Unicredit humanum, Monte dei Paschi diabolicum. Si potrebbe parafrasare così, citando le parole di Gianni Agnelli sulla scalata appoggiata da Mediobanca di Mario Schimberni alla Bi-Invest e poi alla Fondiaria, l’esito dell’assemblea odierna dell’istituto senese. È andata come previsto: la Fondazione Mps, principale azionista con il 33,5% delle quote, è riuscita a rinviare (con l’82% dei voti favorevoli) a dopo il 12 maggio l’aumento di capitale da 3 miliardi di euro – bocciando invece con il 69% dei voti l’ipotesi di avvio a gennaio – per ripagare una parte dei 4 miliardi di Monti Bond ed evitare una nazionalizzazione che ormai è quasi storia.

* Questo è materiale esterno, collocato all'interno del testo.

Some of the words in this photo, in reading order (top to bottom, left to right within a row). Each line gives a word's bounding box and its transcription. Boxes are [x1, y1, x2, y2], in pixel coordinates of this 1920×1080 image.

Il presidente Alessandro Profumo, che potrebbe dimettersi al consiglio d’amministrazione del 7 gennaio prossimo, si è dunque schiantato contro il muro delle Fondazioni per la seconda volta in tre anni. Nel 2010 l’uscita dal principale gruppo bancario italiano grazie al blitz di Cariverona e Crt, oggi in virtù della senesità dell’istituto. Cambiano i protagonisti, non la sostanza: il “sistema” che riunisce politica locale, associazioni di categoria territoriali e rappresentanze delle parti sociali, del clero e delle università ha fatto muro contro l’invasione dello straniero e del mercato.

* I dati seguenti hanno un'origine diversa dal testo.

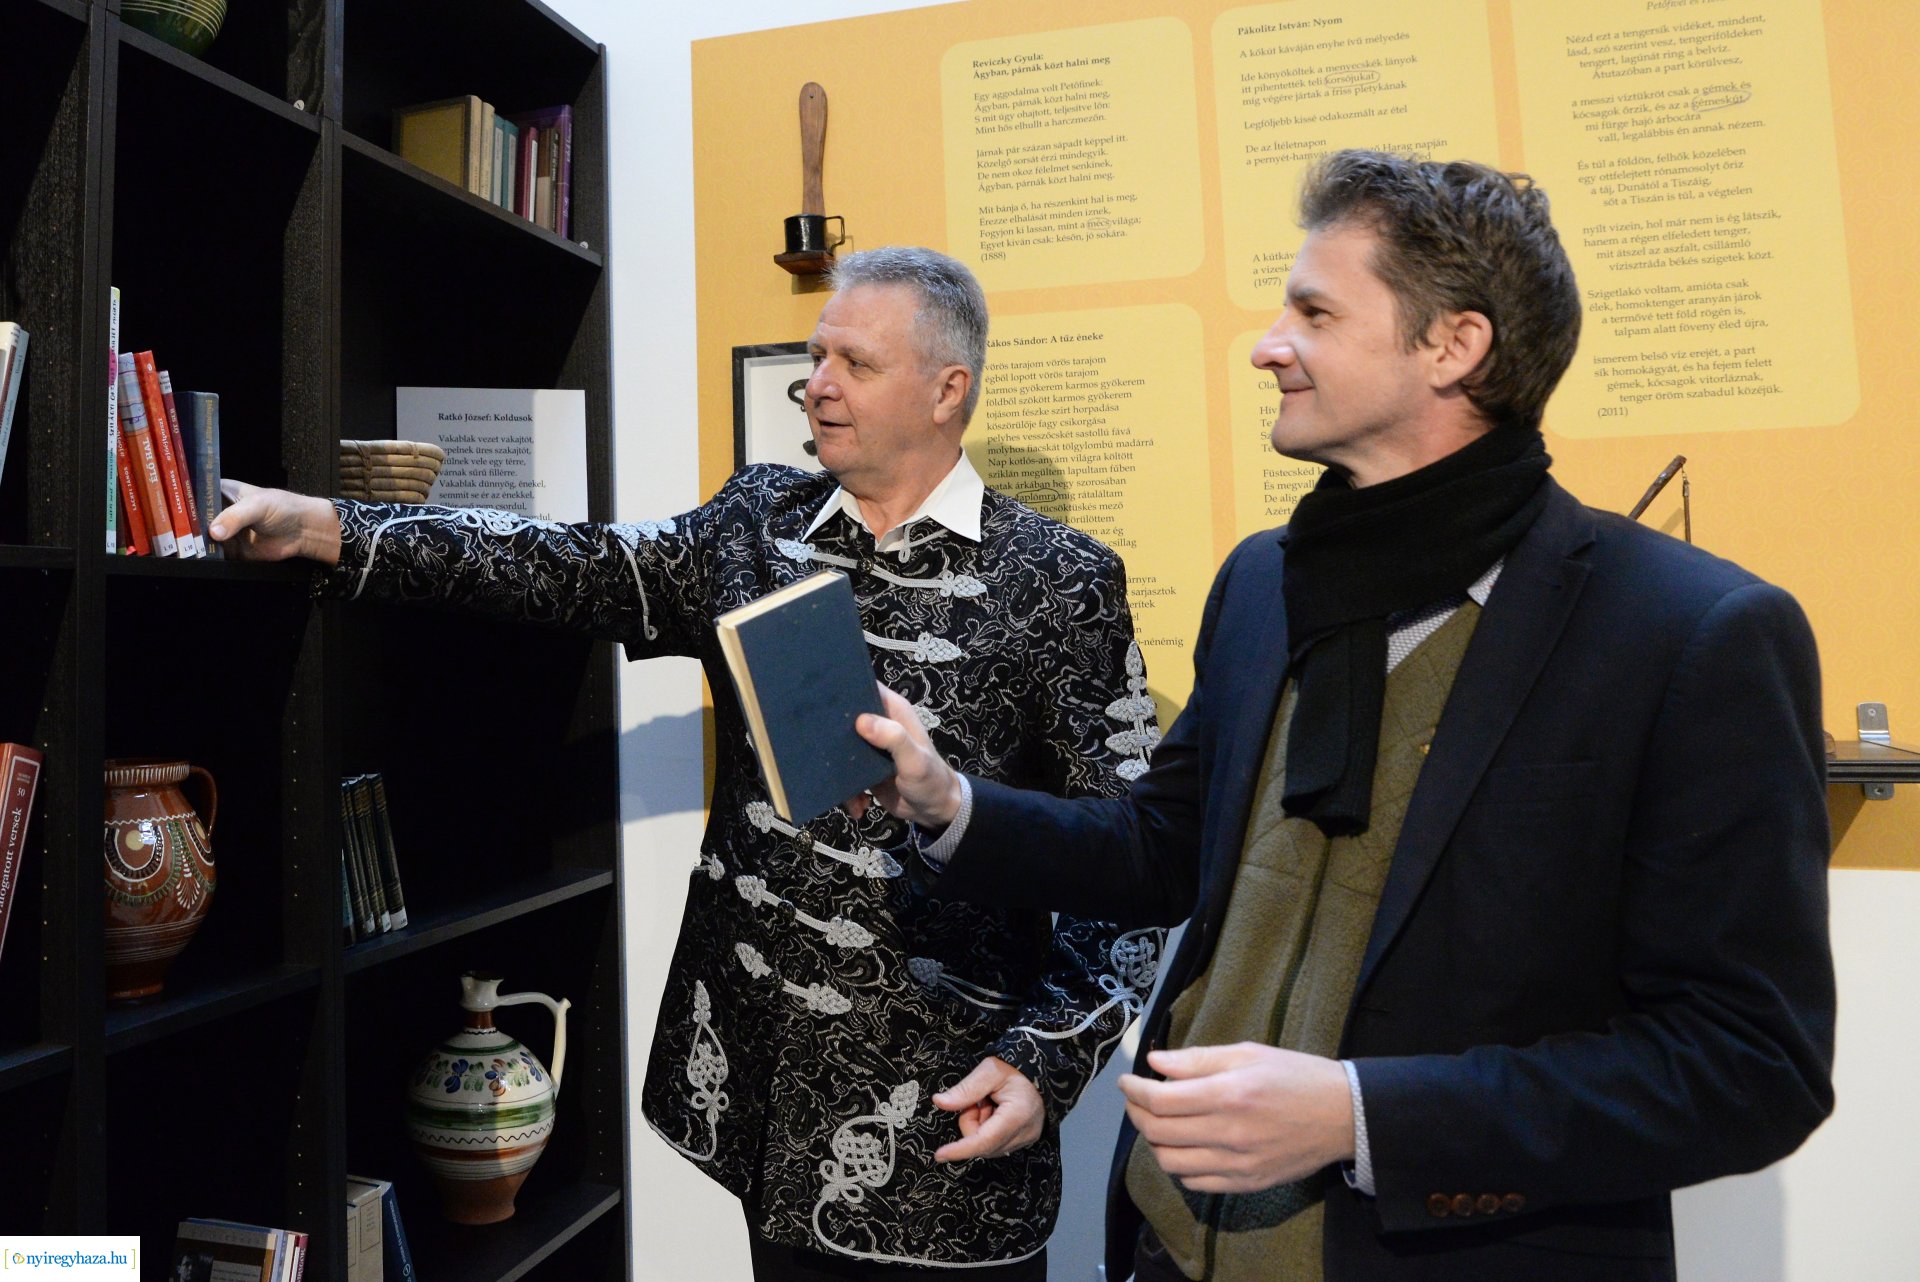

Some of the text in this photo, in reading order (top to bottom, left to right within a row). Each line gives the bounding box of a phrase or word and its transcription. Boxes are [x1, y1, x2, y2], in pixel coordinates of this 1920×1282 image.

[1238, 18, 1342, 35] Pákolitz István: Nyom
[973, 52, 1044, 68] Reviczky Gyula:
[1241, 71, 1256, 81] Ide
[1258, 65, 1315, 80] könyököltek
[1326, 58, 1383, 73] menyecskék
[1385, 54, 1417, 67] lányok
[974, 57, 1110, 80] Ágyban, párnák közt halni meg
[975, 91, 1110, 113] Ágyban, párnák közt halni meg,
[1244, 115, 1292, 130] Legföljebb
[1294, 114, 1317, 124] kissé
[1319, 108, 1375, 121] odakozmált
[1391, 104, 1407, 115] étel
[1246, 144, 1259, 153] De
[1274, 139, 1328, 150] Ítéletnapon
[1382, 138, 1448, 152] Harag napján
[981, 250, 1006, 262] (1888)
[1254, 275, 1283, 288] (1977)
[1588, 279, 1750, 300] Szigetlakó voltam, amióta csak
[1588, 291, 1762, 312] élek, homoktenger aranyán járok
[1014, 335, 1048, 346] Sándor:
[1050, 335, 1058, 343] A
[1060, 334, 1074, 343] tűz
[1077, 331, 1103, 342] éneke
[986, 355, 1107, 371] vörös tarajom vörös tarajom
[986, 377, 1146, 395] karmos gyökerem karmos gyökerem
[1607, 372, 1763, 391] gémek, kócsagok vitorláznak,
[1620, 385, 1783, 403] tenger öröm szabadul közéjük.
[438, 412, 534, 423] Ratkó József: Koldusok
[986, 403, 1119, 420] tojásom fészke szirt horpadása
[1597, 407, 1630, 419] (2011)
[439, 434, 476, 443] Vakablak
[501, 434, 535, 445] vakajtót,
[142, 436, 154, 461] HAL
[471, 456, 526, 468] vele egy térre,
[988, 451, 1134, 468] Nap kotlós-anyám világra költött
[440, 468, 517, 476] várnak sűrű fillérre.
[1263, 466, 1316, 477] Füstecskéd
[440, 479, 546, 490] Vakablak dünnyög, énekel,
[439, 491, 469, 499] semmit
[481, 491, 489, 499] ér
[502, 490, 535, 500] énekkel,
[1264, 493, 1299, 504] De alig
[1108, 537, 1137, 549] csillag
[1131, 586, 1176, 598] sarjasztok
[0, 808, 22, 914] logatott versek
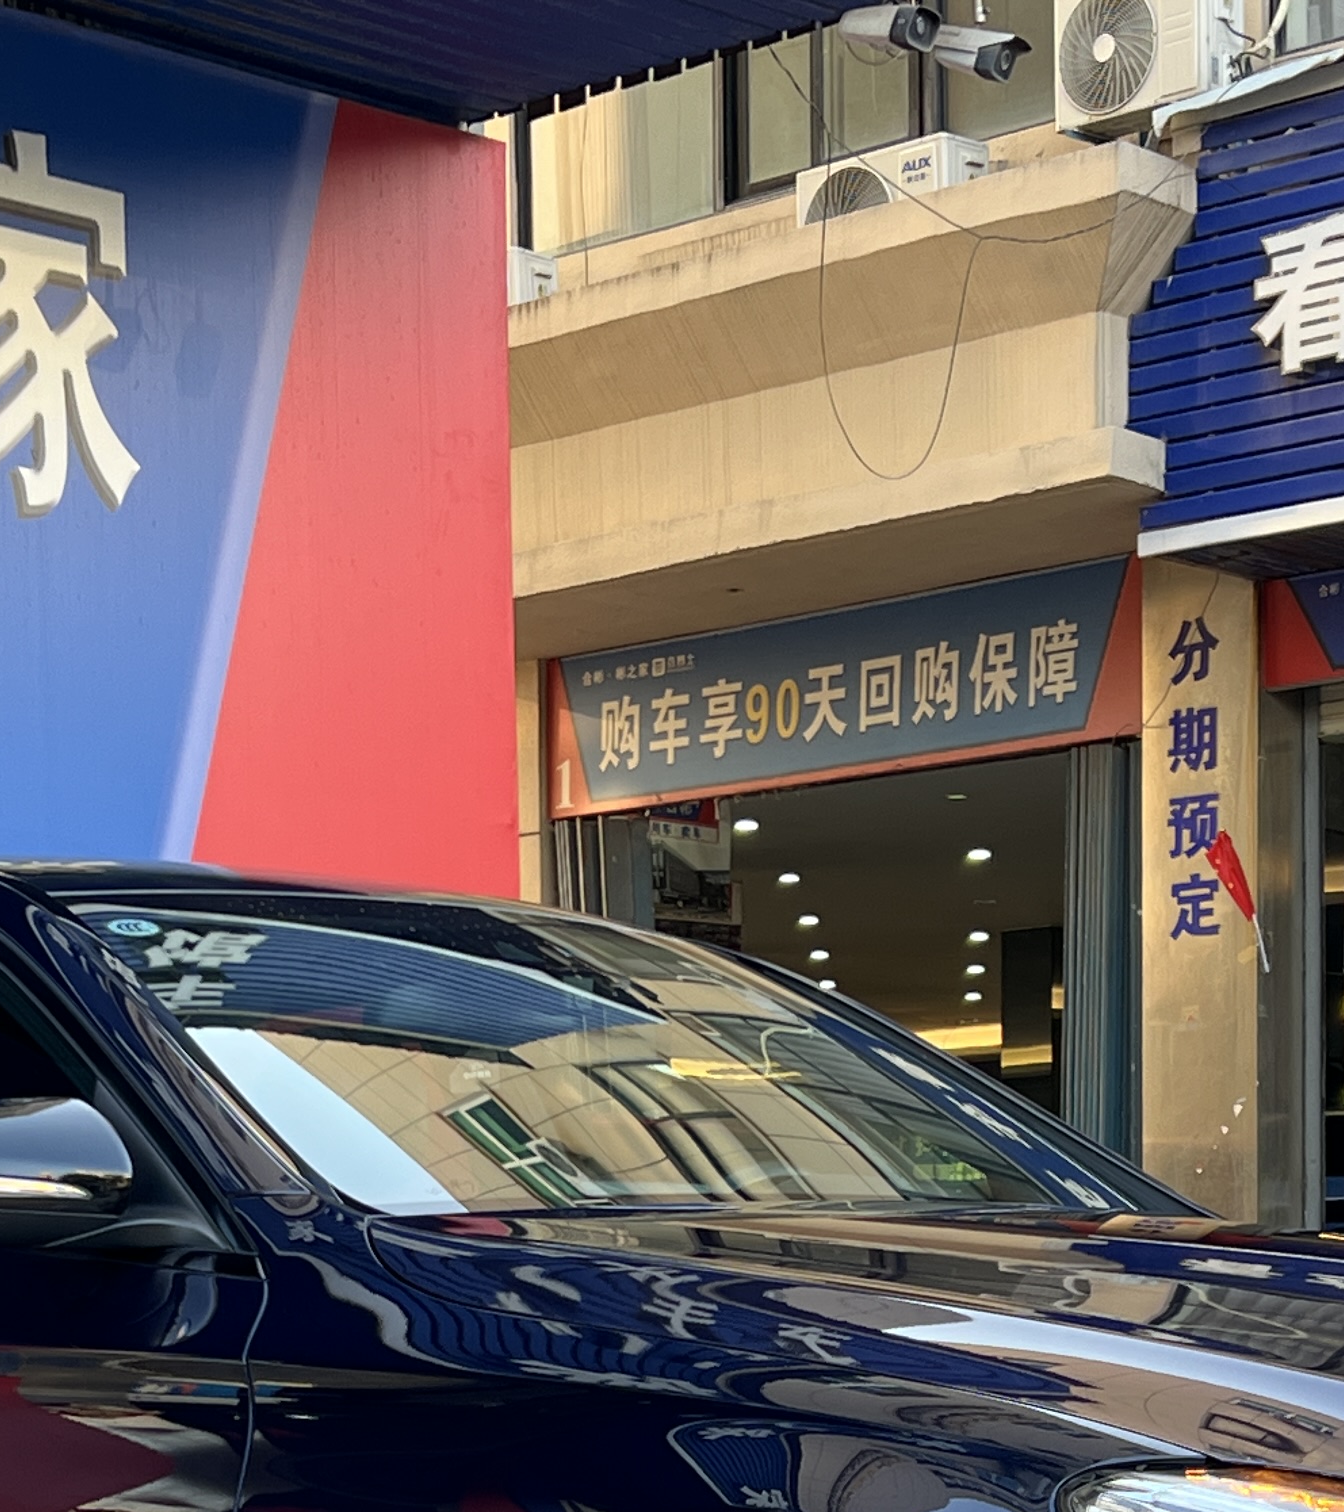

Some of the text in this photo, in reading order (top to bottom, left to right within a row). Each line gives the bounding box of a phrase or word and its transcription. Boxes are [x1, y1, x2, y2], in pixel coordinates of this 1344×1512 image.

[901, 155, 932, 174] AUX
[599, 617, 1081, 775] 购车享90天回购保障
[555, 759, 575, 810] 1
[1168, 617, 1222, 942] 分期预定

L’italianità di Unicredit, la senesità del Monte dei Paschi. Un valore, quest’ultimo, da preservare a ogni costo, vedi l’appello sul Sole 24 Ore di Confindustria Siena – di cui Antonella Mansi, presidente dell’ente di Palazzo Sansedoni, è vicepresidente nazionale – per invocare l’intervento della solita Cassa depositi e prestiti, controllata dal ministero dell’Economia peraltro criticato per l’eccessivo peso del fisco sulle imprese. La Cdp non è un interlocutore qualsiasi: il presidente Franco Bassanini, influente a Siena, ebbe a dire a proposito di Antonveneta: «È la migliore operazione che potessero fare».

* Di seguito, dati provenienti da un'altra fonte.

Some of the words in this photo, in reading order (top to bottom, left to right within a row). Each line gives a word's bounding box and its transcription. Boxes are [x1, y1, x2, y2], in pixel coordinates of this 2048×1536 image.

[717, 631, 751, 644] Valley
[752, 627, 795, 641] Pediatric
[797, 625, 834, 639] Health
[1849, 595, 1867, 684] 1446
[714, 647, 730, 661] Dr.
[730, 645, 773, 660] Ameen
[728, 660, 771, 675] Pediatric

E dire che è stata la stessa Fondazione a chiamare Profumo nel marzo 2012 per risanare la banca, con l’imprimatur dell’ex sindaco Franco Ceccuzzi. Peccato che al dalemiano Ceccuzzi lo scorso giugno succede Bruno Valentini, renziano, che stando a quanto riferito da Repubblica non lo ha mai amato. Che Profumo e l’amministratore delegato Fabrizio Viola abbiano usato un piglio deciso non è un mistero. L’ambizioso piano industriale al 2017, che per l’Europa costituisce una sorta di prova generale del nuovo meccanismo di salvataggio per le banche in difficoltà, prevede 8mila esuberi e la chiusura di 550 filiali.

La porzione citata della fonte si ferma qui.